▸ Your assignment
Reproduce each record exactly, but exclude every picture.
── Input data
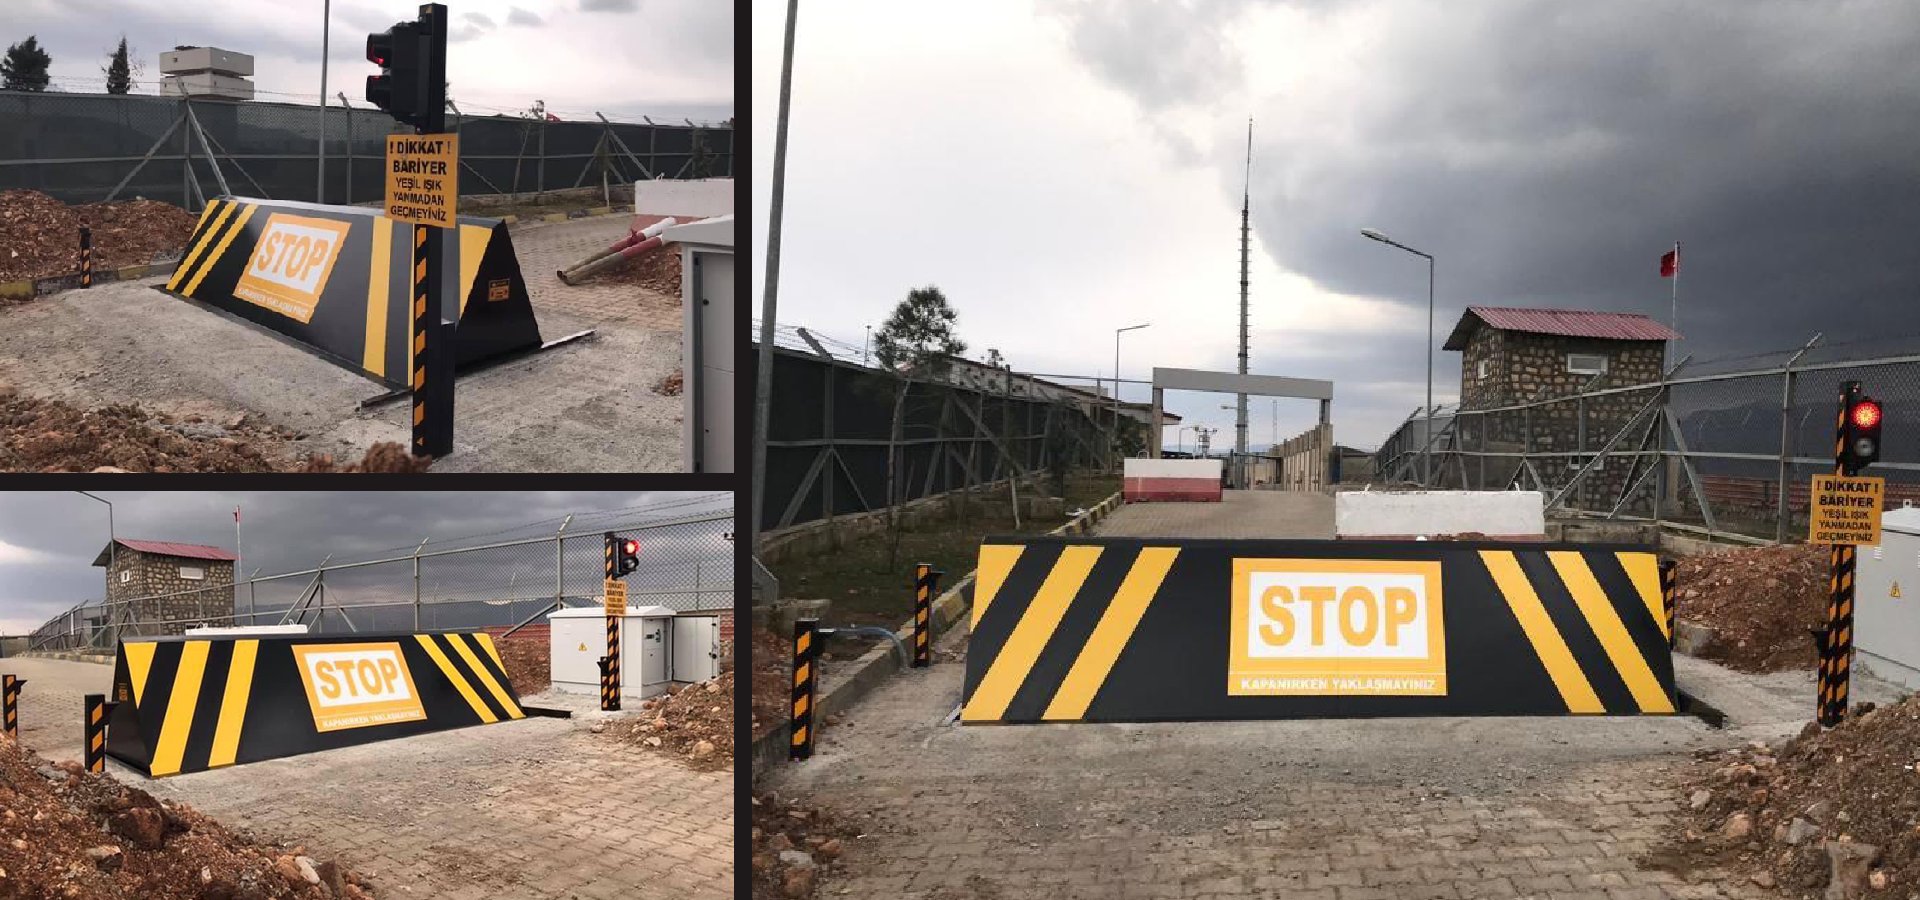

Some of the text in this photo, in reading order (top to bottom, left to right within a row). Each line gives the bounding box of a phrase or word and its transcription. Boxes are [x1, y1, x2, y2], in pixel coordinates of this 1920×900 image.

[397, 139, 443, 154] DİKKAT
[393, 158, 447, 175] BARİYER
[396, 176, 442, 192] YEŞİL IŞIK
[393, 191, 445, 206] YANMADAN
[390, 205, 447, 221] GEÇMEYİNİZ
[257, 230, 329, 281] STOP
[1825, 480, 1871, 492] DİKKAT
[1819, 494, 1874, 508] BARİYER
[1819, 520, 1872, 530] YANMADAN
[1258, 585, 1418, 647] STOP
[315, 658, 398, 699] STOP
[1241, 678, 1327, 690] KAPANIRKEN
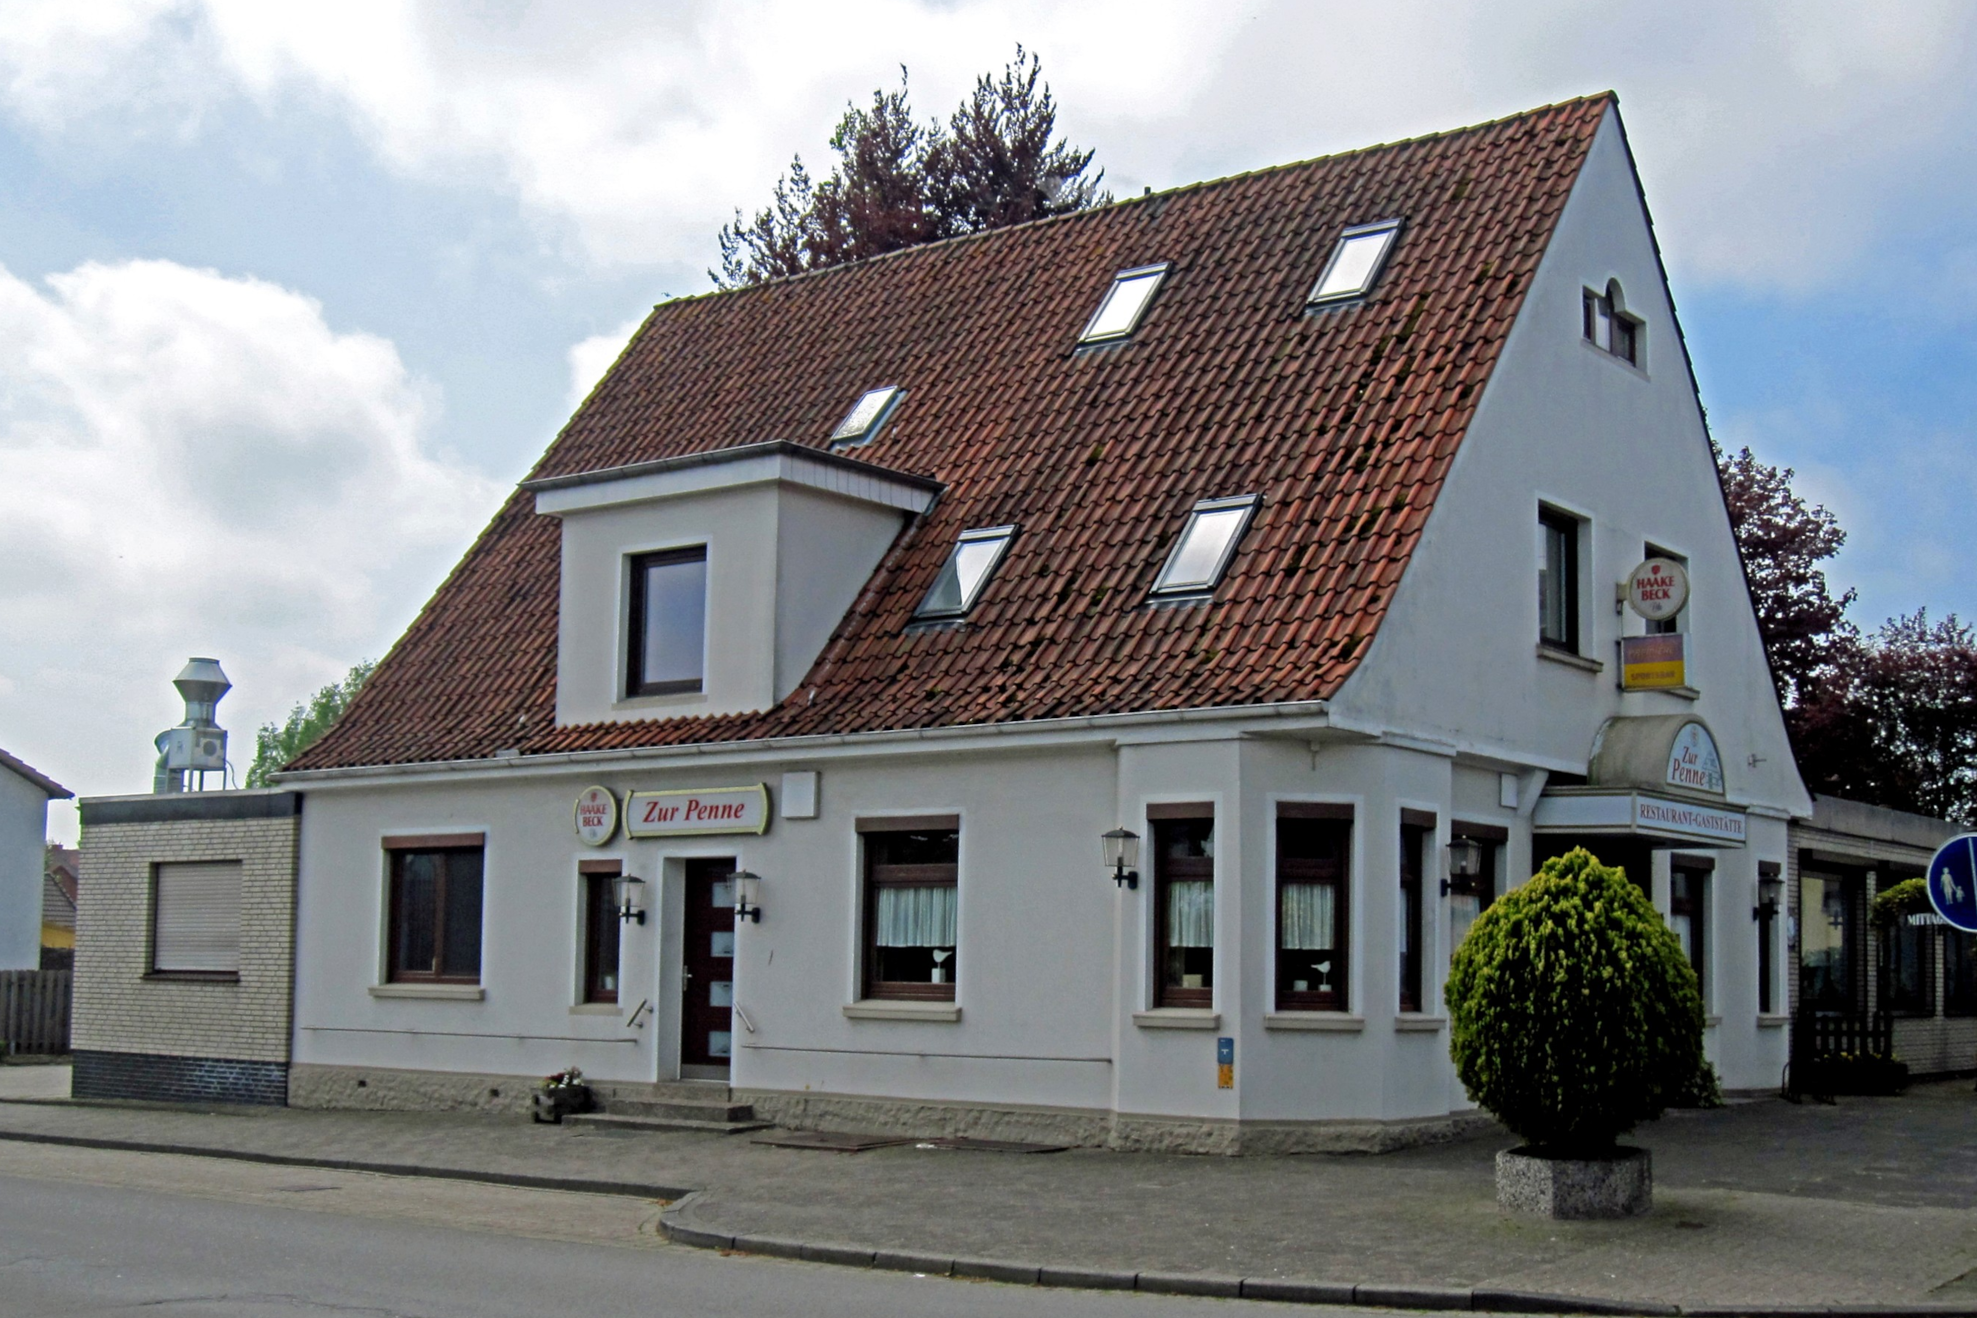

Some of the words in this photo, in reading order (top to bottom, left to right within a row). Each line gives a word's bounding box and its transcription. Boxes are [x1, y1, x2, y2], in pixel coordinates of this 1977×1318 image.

[1636, 575, 1675, 589] HAAKE
[1641, 589, 1671, 601] BECK
[1682, 746, 1698, 765] Zur
[1672, 758, 1706, 787] Penne
[580, 803, 607, 815] HAAKE
[642, 800, 679, 823] Zur
[684, 798, 745, 821] Penne
[582, 815, 603, 827] BECK
[1640, 803, 1742, 834] RESTAURANT-GASTSTÄTTE
────
▸ Exercise result
Some of the text in this photo, in reading order (top to bottom, left to right within a row). Each line gives the bounding box of a phrase or word and its transcription. Boxes are [x1, y1, x2, y2], in pixel coordinates of this 1920×900 image.

[397, 139, 443, 154] DİKKAT
[393, 158, 447, 175] BARİYER
[396, 176, 442, 192] YEŞİL IŞIK
[393, 191, 445, 206] YANMADAN
[390, 205, 447, 221] GEÇMEYİNİZ
[257, 230, 329, 281] STOP
[1825, 480, 1871, 492] DİKKAT
[1819, 494, 1874, 508] BARİYER
[1819, 520, 1872, 530] YANMADAN
[1258, 585, 1418, 647] STOP
[315, 658, 398, 699] STOP
[1241, 678, 1327, 690] KAPANIRKEN

Some of the words in this photo, in reading order (top to bottom, left to right within a row). Each line gives a word's bounding box and its transcription. Boxes are [x1, y1, x2, y2], in pixel coordinates of this 1977×1318 image.

[1636, 575, 1675, 589] HAAKE
[1641, 589, 1671, 601] BECK
[1682, 746, 1698, 765] Zur
[1672, 758, 1706, 787] Penne
[580, 803, 607, 815] HAAKE
[642, 800, 679, 823] Zur
[684, 798, 745, 821] Penne
[582, 815, 603, 827] BECK
[1640, 803, 1742, 834] RESTAURANT-GASTSTÄTTE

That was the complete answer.